'We left everything behind'An endless nightmare: The journey of a Yemeni refugee family in Luxembourg

RTL Today
Bushra and Mahmood fled war, crossed seven countries and spent more than five years in refugee accommodation in Luxembourg, they now aspire to a "normal" life for their four children – survivors of unimaginable circumstances.
Image showing migrants crossing the border between Macedonia and Greece in 2015.
Image showing migrants crossing the border between Macedonia and Greece in 2015.
© AFP

In August 2017, Bushra and Mahmood decided to flee their country, Yemen, which has been in a civil war since 2014. The couple left behind all the convenience of the life they had built with their children. “My life was in danger”, explains Bushra, who was working for the American embassy in Sana’a, the Yemeni capital, at the time. “Several of my colleagues were kidnapped, I don’t know what happened to them”, she tells us. With utter dismay, her husband adds that “they disappeared.”

Faced with the threats of the Houthi rebels, Bushra was convinced that fleeing was their only option. “We left everything behind”, she laments. The couple abandoned their home with three young children, taking only the essentials with them. “We knew we couldn’t travel with several suitcases”, explains Mahmood. And so began the family’s agonising journey, which took them through no fewer than seven countries before arriving in Luxembourg. First, they had to cross Yemen to reach the border with the Sultanate of Oman.

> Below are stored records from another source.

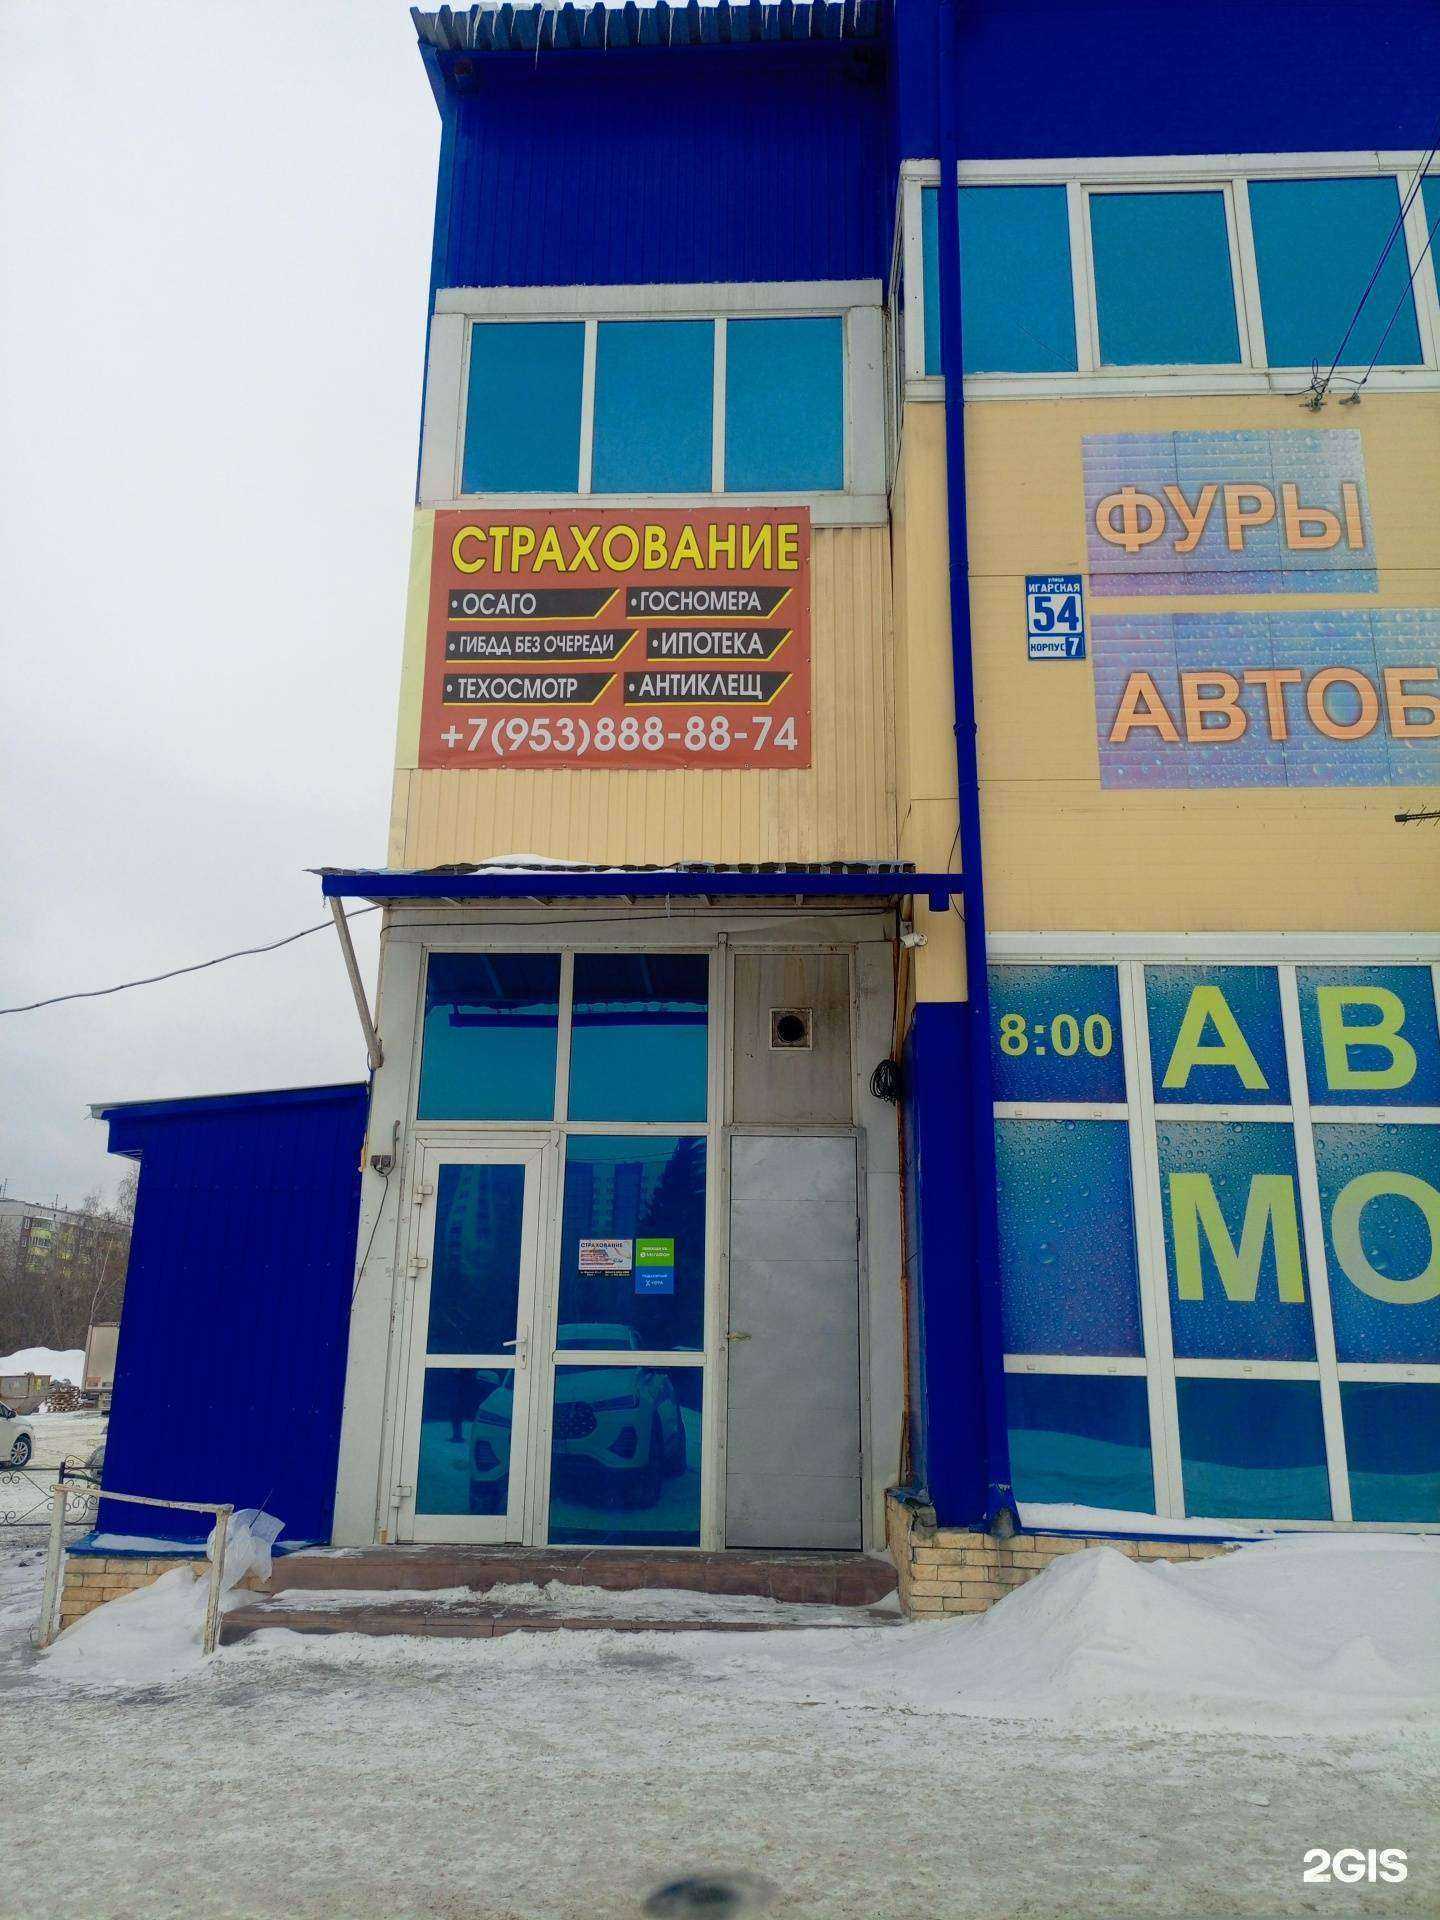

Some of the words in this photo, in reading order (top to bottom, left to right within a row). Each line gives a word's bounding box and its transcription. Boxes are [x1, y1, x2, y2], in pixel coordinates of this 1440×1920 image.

[1094, 481, 1366, 553] ФУРЫ
[450, 523, 800, 574] СТРАХОВАНИЕ
[1028, 583, 1080, 593] ИГАРСКАЯ
[462, 592, 537, 615] ОСАГО
[639, 590, 762, 612] ГОСНОМЕРА
[1033, 595, 1080, 632] 54
[458, 635, 512, 656] ГИБДД
[514, 635, 541, 654] БЕЗ
[543, 634, 614, 654] ОЧЕРЕДИ
[660, 631, 764, 655] ИПОТЕКА
[1030, 643, 1065, 652] КОРПУС
[1069, 637, 1080, 656] 7
[457, 677, 578, 699] ТЕХОСМОТР
[638, 673, 763, 700] АНТИКЛЕЩ
[1108, 666, 1440, 744] АВТОБ
[440, 716, 798, 757] +7(953)888-88-74
[999, 1013, 1113, 1057] 8:00

“It was very difficult to move around Yemen, there were checkpoints everywhere”, recalls Bushra. It was only through her illness that the family were able to justify their movement – Bushra has a heart condition that requires regular medical check-ups. “The rebels we met weren’t necessarily educated [on the complexities of the condition], so they relied mainly on the names of the hospitals and doctors who had treated me”, she says. This enabled Mahmood and Bushra to leave the country without any real knowledge of where they were going. “We were just looking for a safe place to continue our lives”, she added.

A Nightmarish journey

Their time in Oman was short-lived. “We rested for a few days and then left”, says Mahmood. The family headed for Malaysia, this time by plane. However, they only managed to stay four months in the country, as they lacked the necessary visas. Their journey then led them to Iran. “We’d heard about the routes taken by migrants to reach Europe”, Mahmood tells us. He had no idea of the hardships that awaited them there. From the interminable walks, to the night-time crossings, to the makeshift shelters, and the fear of being arrested and imprisoned by a particularly repressive regime: Bushra’s family lived through a veritable nightmare.

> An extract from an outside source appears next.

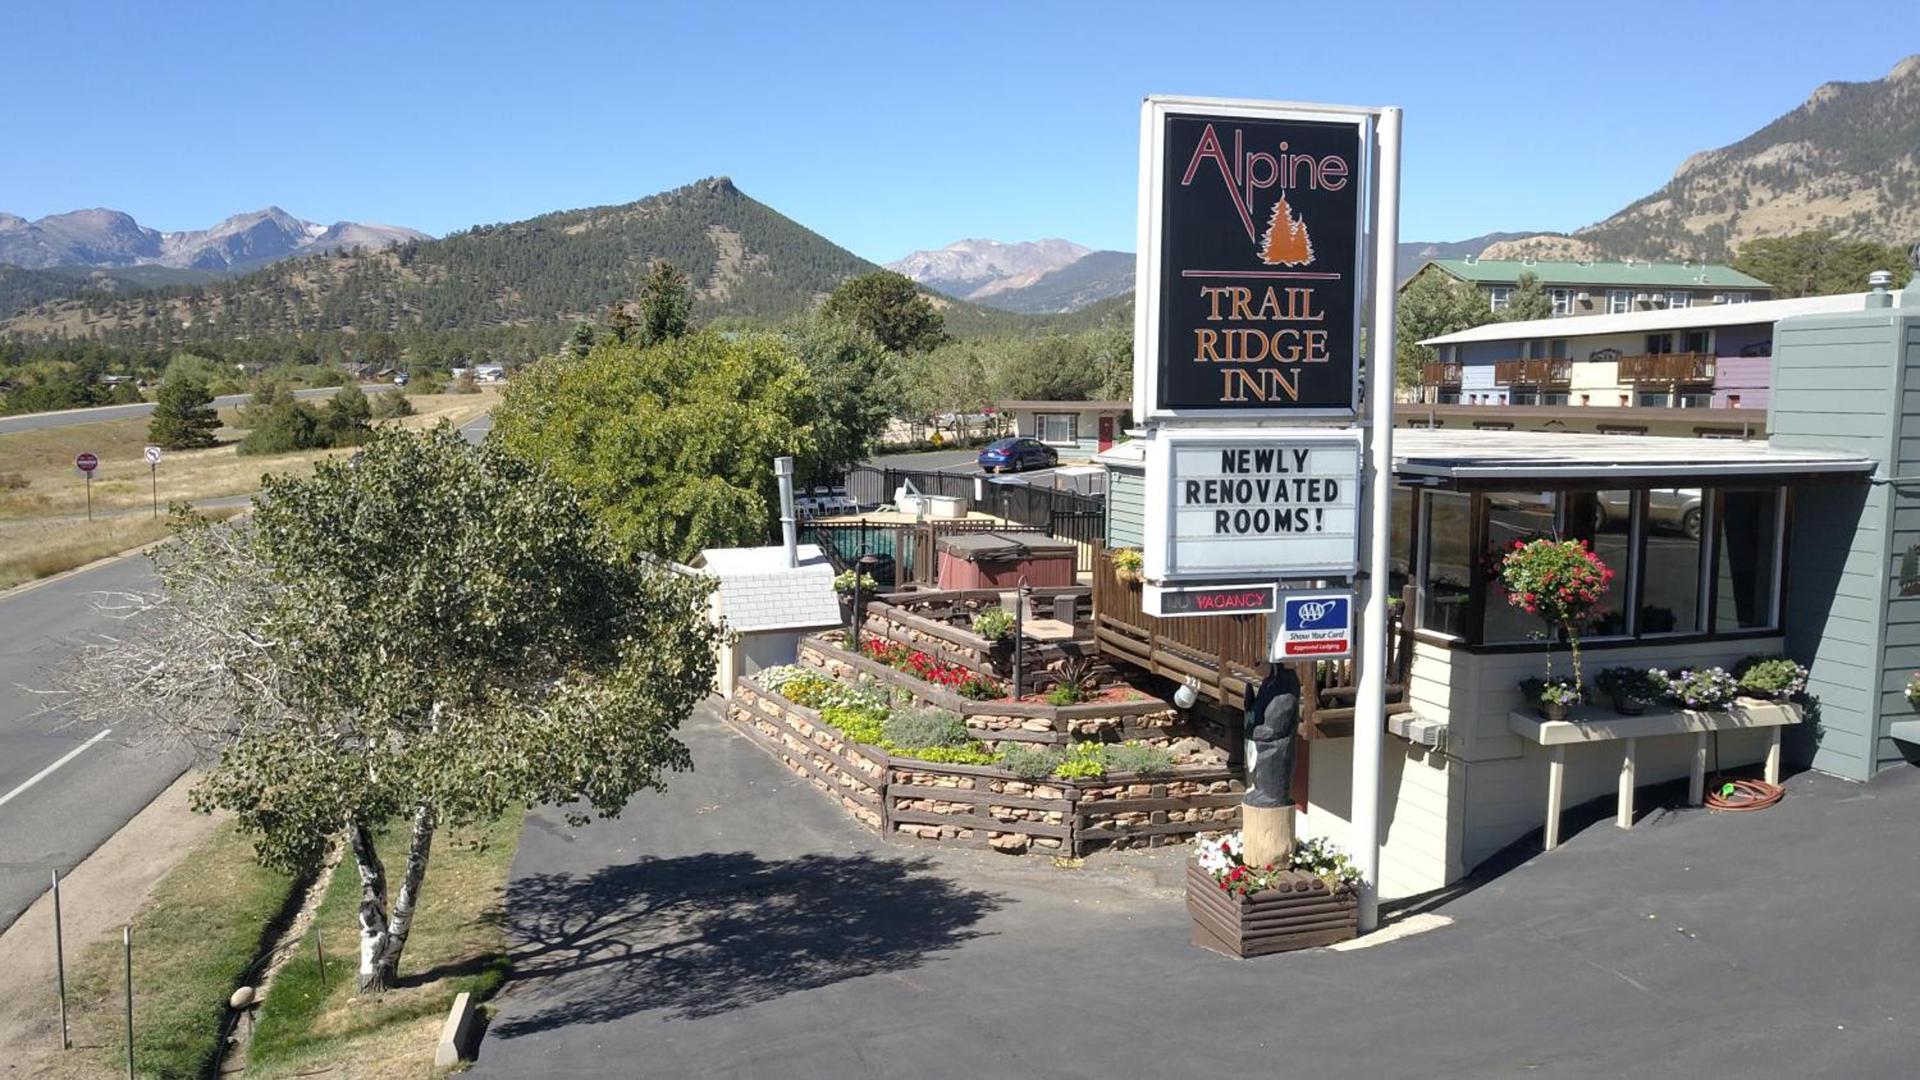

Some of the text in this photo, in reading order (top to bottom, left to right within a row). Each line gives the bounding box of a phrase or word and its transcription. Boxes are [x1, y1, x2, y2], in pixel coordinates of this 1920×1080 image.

The border guards fired in the night after hearing our child’s cries

Bushra and Mahmood will never forget the freezing nights they spent with their children in garbage-filled sheds. They tell of their terrifying trek across the mountains separating Iran from Turkey. “We had to wait until nightfall to move and we couldn’t light torches”, she says, for fear of being spotted by the border guards. Their youngest child was three years old at the time, and it was vital to prevent him from crying. “I carried him all night, and in the morning I couldn’t do it any more”, an emotional Mahmood adds. Visibly exhausted, a man who was travelling with them kindly offered to take over and carry their son over final stretch as they reached Turkish territory.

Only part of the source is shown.